Volume 3 – Prólogo
Prólogo 6: Nêmesis
— Vamos logo com isso, então…
Os gêmeos ativaram suas Essências, e o ar ao redor deles pareceu vibrar com intensidade crescente.
Cada um foi envolvido por uma aura dourada que cintilava como metal aquecido, até que gradualmente seus tons verdadeiros se destacaram, tornando-se tão vivos que até os olhos de ambos passaram a refletir tais cores com um brilho sobrenatural.
Surtr foi o primeiro a se transformar por completo. Sua energia tomou um vermelho profundo entrecortado por faíscas alaranjadas, como rochas incandescentes expelidas do coração de um vulcão prestes a explodir. Sua presença emanava calor, impulsividade, ferocidade. Era fogo vivo — intenso, explosivo, sempre pronto a atacar antes mesmo de pensar.
Skadi, em contrapartida, assumia uma cor quase oposta. Sua aura clareou até se tornar um tom acinzentado quase branco, como neve recém-caída sob o primeiro raio de sol. Sua energia era silenciosa, disciplinada, calma a ponto de ser facilmente subestimada. Porém, como uma avalanche que nasce de um sussurro nas montanhas, era capaz de aniquilar tudo quando forçada a descer.
Os dois trocaram apenas um olhar antes de avançar.
Não hesitaram nem por um instante, pois sabiam que não podiam permitir que Astrid liberasse sua própria Essência. O que ignoravam — e aprenderiam da pior forma — era que a General sequer julgava necessário recorrer a tal recurso.

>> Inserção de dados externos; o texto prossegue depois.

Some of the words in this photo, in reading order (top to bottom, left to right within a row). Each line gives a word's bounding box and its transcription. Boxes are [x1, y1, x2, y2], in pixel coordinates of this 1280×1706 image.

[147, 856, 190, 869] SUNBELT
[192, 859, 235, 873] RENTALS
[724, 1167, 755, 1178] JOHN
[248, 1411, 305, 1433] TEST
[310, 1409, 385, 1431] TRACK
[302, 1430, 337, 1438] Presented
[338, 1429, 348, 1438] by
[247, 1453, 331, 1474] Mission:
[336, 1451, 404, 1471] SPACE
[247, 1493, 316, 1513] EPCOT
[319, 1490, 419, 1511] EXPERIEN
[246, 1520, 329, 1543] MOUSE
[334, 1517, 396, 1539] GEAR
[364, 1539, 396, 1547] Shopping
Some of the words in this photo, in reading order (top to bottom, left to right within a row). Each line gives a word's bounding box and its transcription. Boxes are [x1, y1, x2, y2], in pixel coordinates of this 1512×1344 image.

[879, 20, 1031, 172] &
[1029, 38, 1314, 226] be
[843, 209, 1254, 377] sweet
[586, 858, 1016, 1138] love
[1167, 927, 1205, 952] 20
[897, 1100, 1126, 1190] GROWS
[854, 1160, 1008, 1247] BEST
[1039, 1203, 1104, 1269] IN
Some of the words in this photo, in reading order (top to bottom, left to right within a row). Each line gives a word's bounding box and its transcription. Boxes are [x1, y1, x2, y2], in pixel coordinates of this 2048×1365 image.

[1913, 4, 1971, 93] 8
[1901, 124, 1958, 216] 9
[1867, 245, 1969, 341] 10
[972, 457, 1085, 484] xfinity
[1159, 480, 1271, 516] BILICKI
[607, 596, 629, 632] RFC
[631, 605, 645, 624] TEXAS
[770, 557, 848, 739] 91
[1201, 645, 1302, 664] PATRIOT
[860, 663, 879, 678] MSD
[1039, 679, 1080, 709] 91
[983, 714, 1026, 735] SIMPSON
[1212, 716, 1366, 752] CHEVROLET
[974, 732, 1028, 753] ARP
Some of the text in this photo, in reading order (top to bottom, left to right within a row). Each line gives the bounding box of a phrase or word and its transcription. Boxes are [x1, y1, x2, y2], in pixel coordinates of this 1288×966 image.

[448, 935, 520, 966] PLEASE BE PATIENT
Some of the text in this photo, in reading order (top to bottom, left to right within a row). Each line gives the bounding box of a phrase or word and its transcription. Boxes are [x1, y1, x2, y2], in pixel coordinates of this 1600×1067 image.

Agindo com perfeita sincronia, atacaram.
Skadi projetou seu corpo para frente, sua lança apontada diretamente para o coração de Astrid, mirando um golpe rápido e mortal. Surtr veio logo atrás, os machados prontos para decepar o pescoço da General em um único movimento.
Astrid, entretanto, parecia mais entediada do que pressionada.
Com um simples gesto — as costas da mão, despretensiosamente — desviou a lança de Skadi, fazendo com que a jovem perdesse o equilíbrio devido ao impacto da força bruta aplicada com uma facilidade humilhante.
Antes que Surtr pudesse completar seu ataque, Astrid avançou um único passo, saindo do alcance das lâminas como se previsse o movimento desde antes de ele existir. Então, agarrou o braço de Surtr, girando o corpo com naturalidade e o arremessando ao chão, esmagando suas costas contra a superfície de pedra da estrada.
O impacto arrancou seu ar por um momento, e o mundo ao redor pareceu girar. De olhos arregalados, Surtr viu a silhueta de Astrid aproximar-se, bloqueando sua visão com uma sombra imponente. O pé dela se ergueu, pronto para esmagar seu peito ou sua cabeça — ele não conseguia sequer distinguir qual.
— SURTR!
A voz de Skadi cortou o ar como uma lâmina.
WOOOOSH!
Em um gesto desesperado e inconsciente, Skadi estendeu a mão para o irmão, o coração disparado pelo medo de perdê-lo.
Uma magia gélida explodiu de seus dedos sem que ela sequer percebesse o que estava invocando. O chão rangeu sob a súbita queda de temperatura, cristais de gelo se espalharam pelo ar, e Surtr foi puxado para trás no exato instante em que o golpe fatal descia.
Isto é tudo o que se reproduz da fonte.